## Instructions for the task
In your copy of the data below, reproduce every entry exactly and omit the pictures.

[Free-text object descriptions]
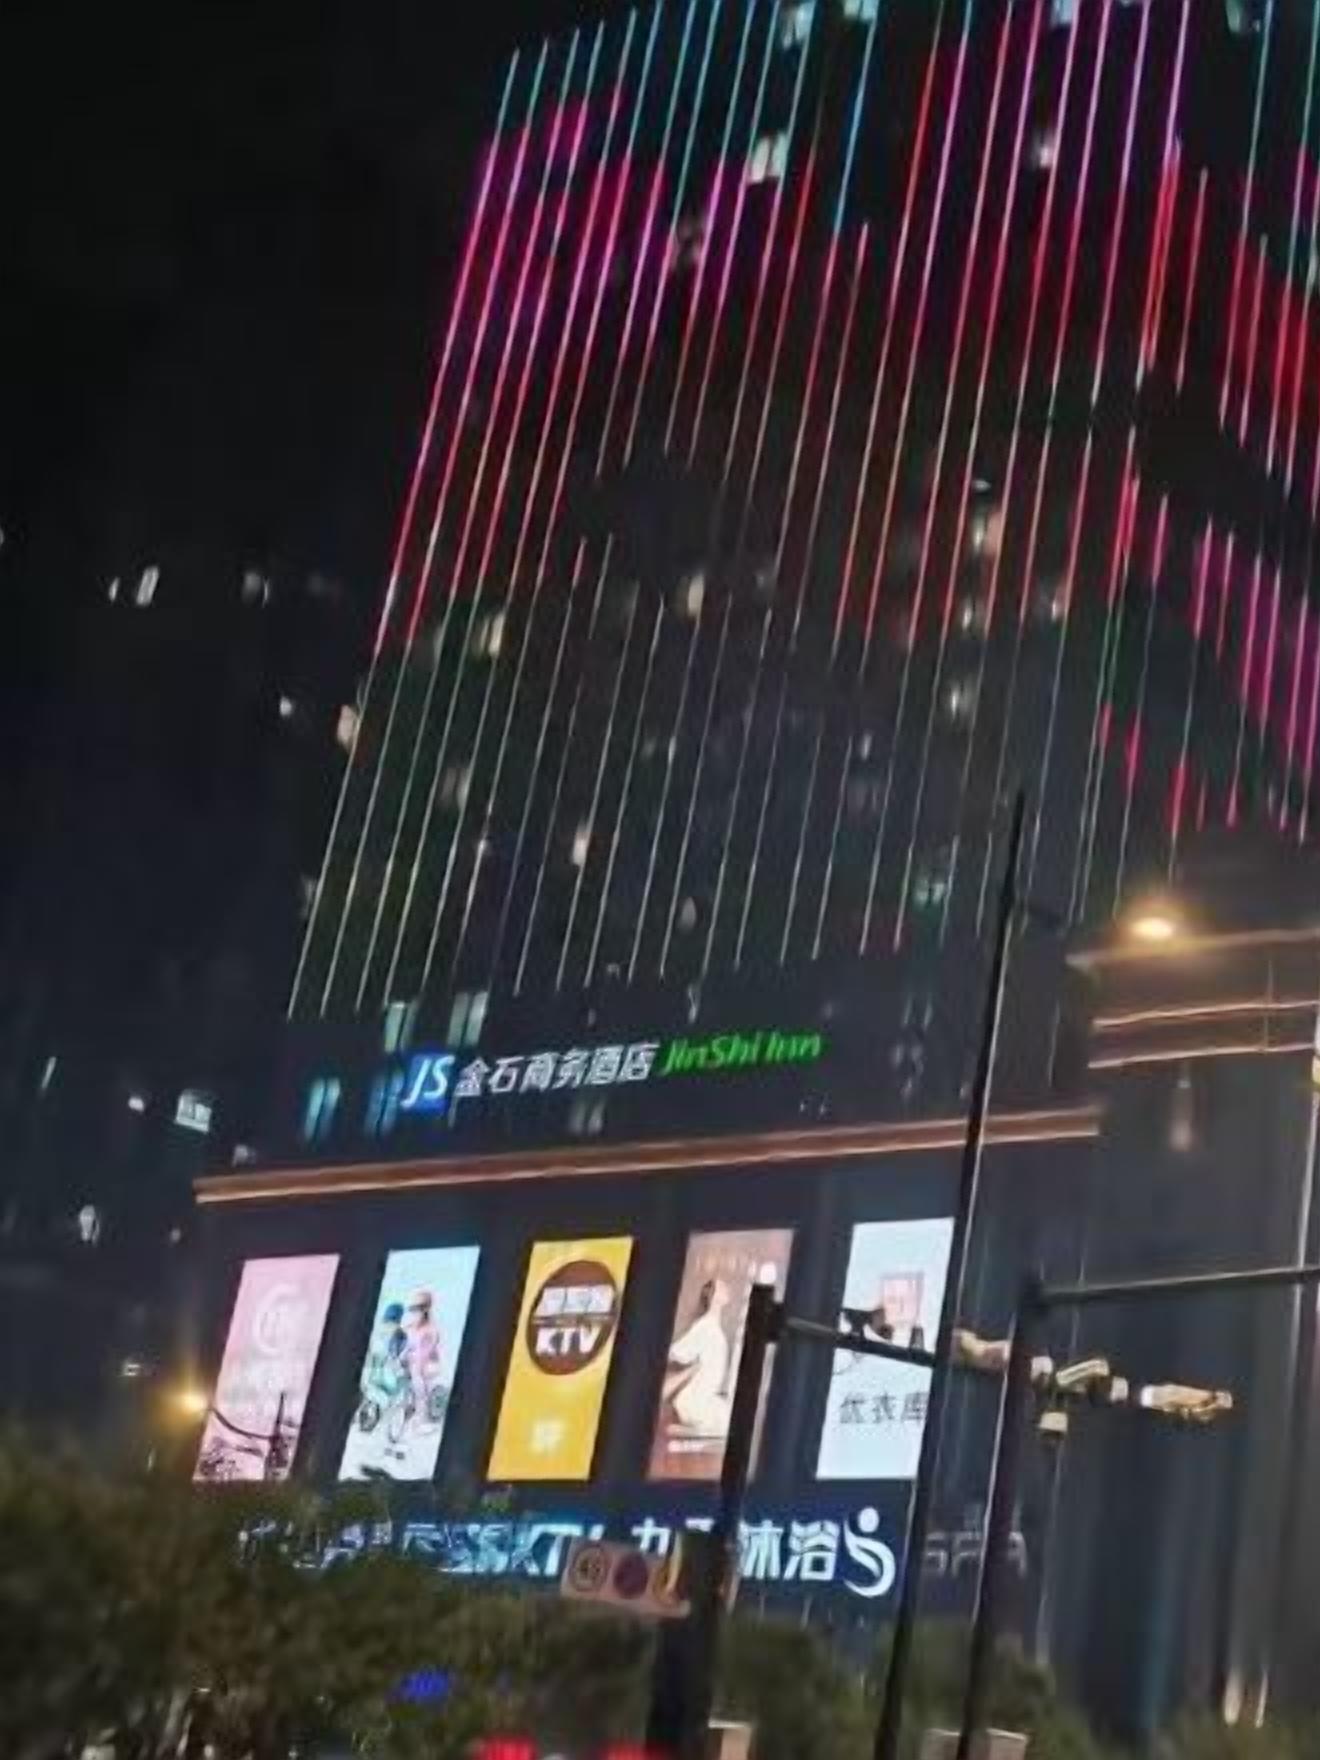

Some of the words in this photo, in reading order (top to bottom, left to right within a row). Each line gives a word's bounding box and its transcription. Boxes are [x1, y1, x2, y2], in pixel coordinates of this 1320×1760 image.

[454, 1042, 661, 1098] 金石商务酒店
[535, 1324, 602, 1354] KTV
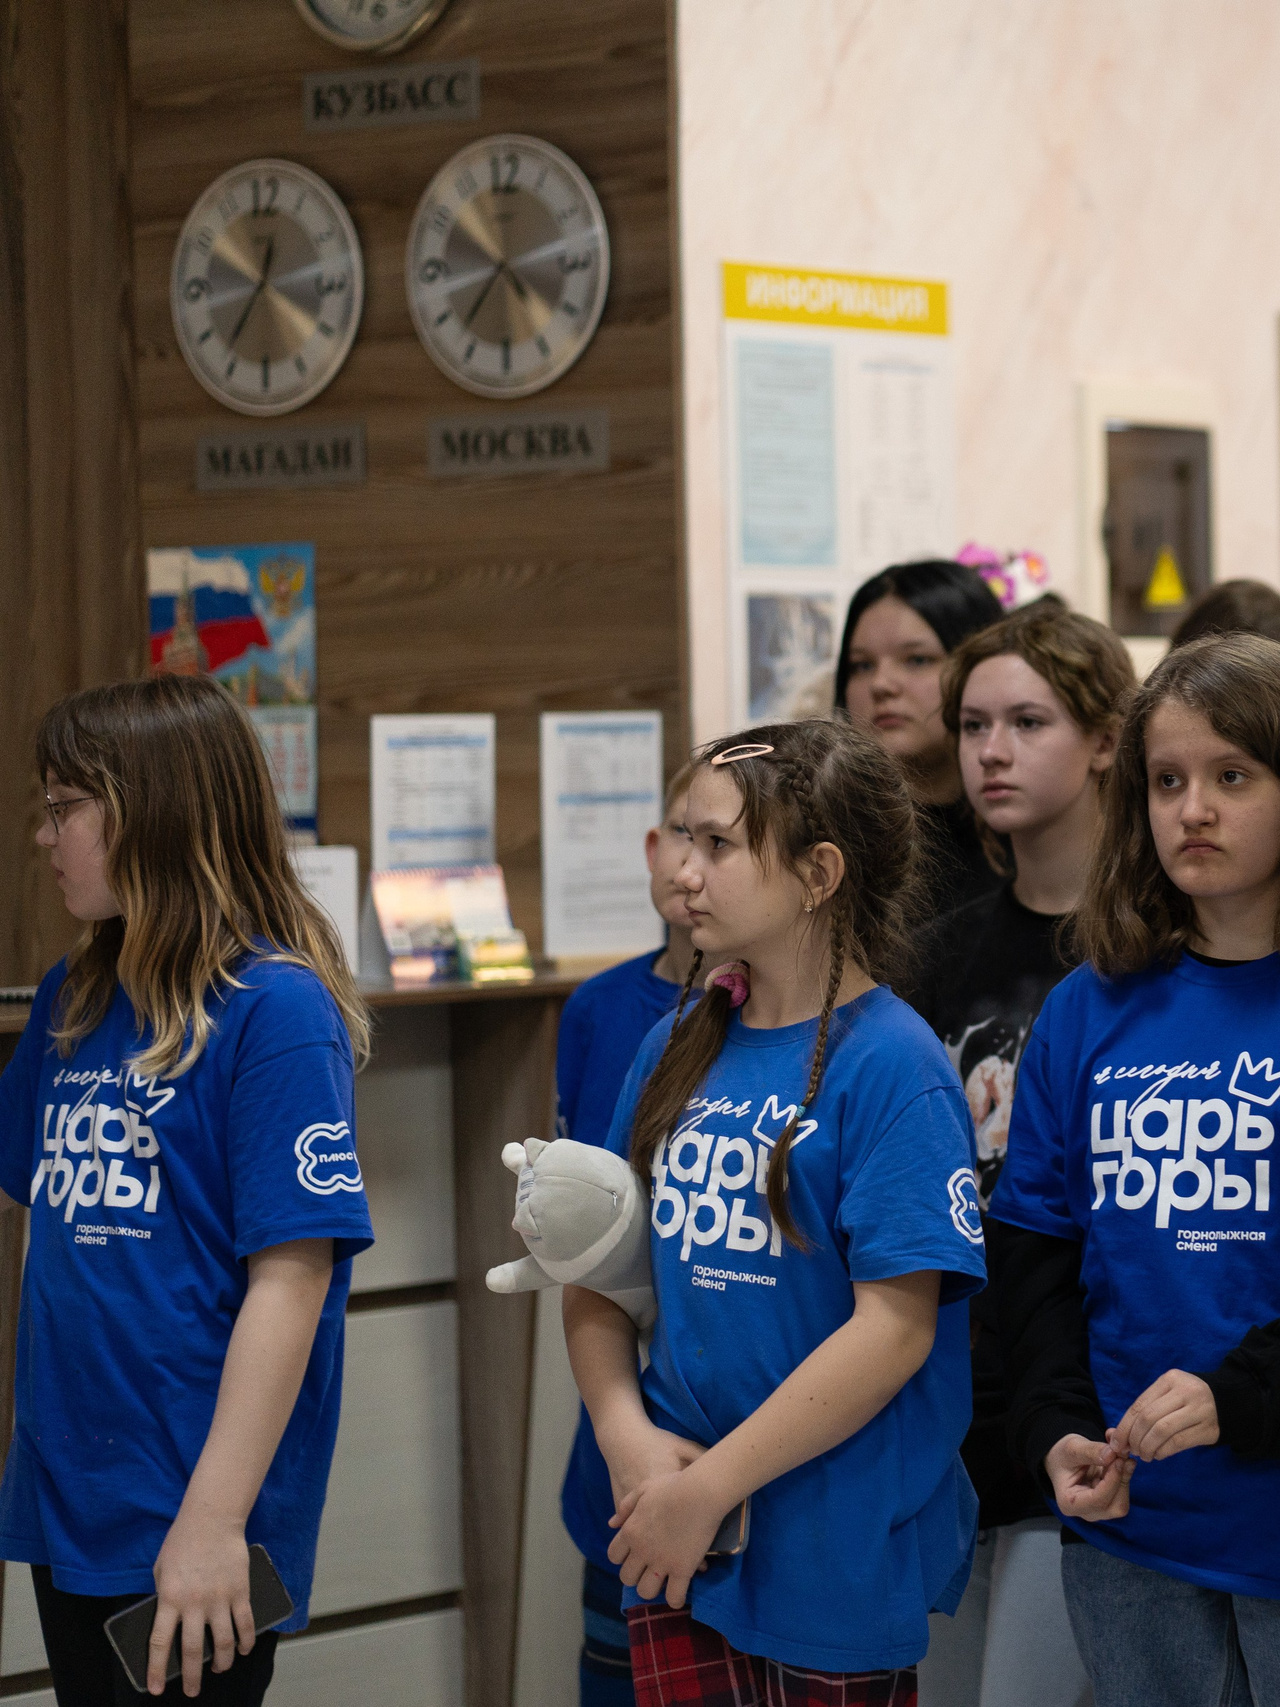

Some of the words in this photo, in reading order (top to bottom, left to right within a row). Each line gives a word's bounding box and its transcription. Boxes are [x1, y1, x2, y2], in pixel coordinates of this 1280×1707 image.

[312, 70, 472, 120] КУЗБАСС
[490, 152, 521, 194] 12
[251, 175, 280, 218] 12
[419, 257, 451, 284] 9
[557, 250, 592, 274] 3
[184, 276, 214, 302] 9
[314, 272, 347, 297] 3
[745, 271, 929, 325] ИНФОРМАЦИЯ
[206, 435, 354, 476] МАГАДАН
[440, 421, 595, 464] МОСКВА
[1093, 1066, 1113, 1085] я
[1114, 1061, 1222, 1119] сегодня
[319, 1151, 354, 1163] ПЛЮС
[75, 1224, 152, 1240] горнолыжная
[651, 1186, 782, 1262] оры
[1177, 1229, 1266, 1244] горнолыжная
[74, 1234, 107, 1246] смена
[1175, 1240, 1218, 1252] смена
[691, 1277, 727, 1292] смена
[693, 1264, 777, 1287] горнолыжная

## Answer below
Some of the words in this photo, in reading order (top to bottom, left to right within a row). Each line gives a word's bounding box and its transcription. Boxes are [x1, y1, x2, y2], in pixel coordinates of this 1320×1760 image.

[454, 1042, 661, 1098] 金石商务酒店
[535, 1324, 602, 1354] KTV

Some of the words in this photo, in reading order (top to bottom, left to right within a row). Each line gives a word's bounding box and its transcription. Boxes are [x1, y1, x2, y2], in pixel coordinates of this 1280×1707 image.

[312, 70, 472, 120] КУЗБАСС
[490, 152, 521, 194] 12
[251, 175, 280, 218] 12
[419, 257, 451, 284] 9
[557, 250, 592, 274] 3
[184, 276, 214, 302] 9
[314, 272, 347, 297] 3
[745, 271, 929, 325] ИНФОРМАЦИЯ
[206, 435, 354, 476] МАГАДАН
[440, 421, 595, 464] МОСКВА
[1093, 1066, 1113, 1085] я
[1114, 1061, 1222, 1119] сегодня
[319, 1151, 354, 1163] ПЛЮС
[75, 1224, 152, 1240] горнолыжная
[651, 1186, 782, 1262] оры
[1177, 1229, 1266, 1244] горнолыжная
[74, 1234, 107, 1246] смена
[1175, 1240, 1218, 1252] смена
[691, 1277, 727, 1292] смена
[693, 1264, 777, 1287] горнолыжная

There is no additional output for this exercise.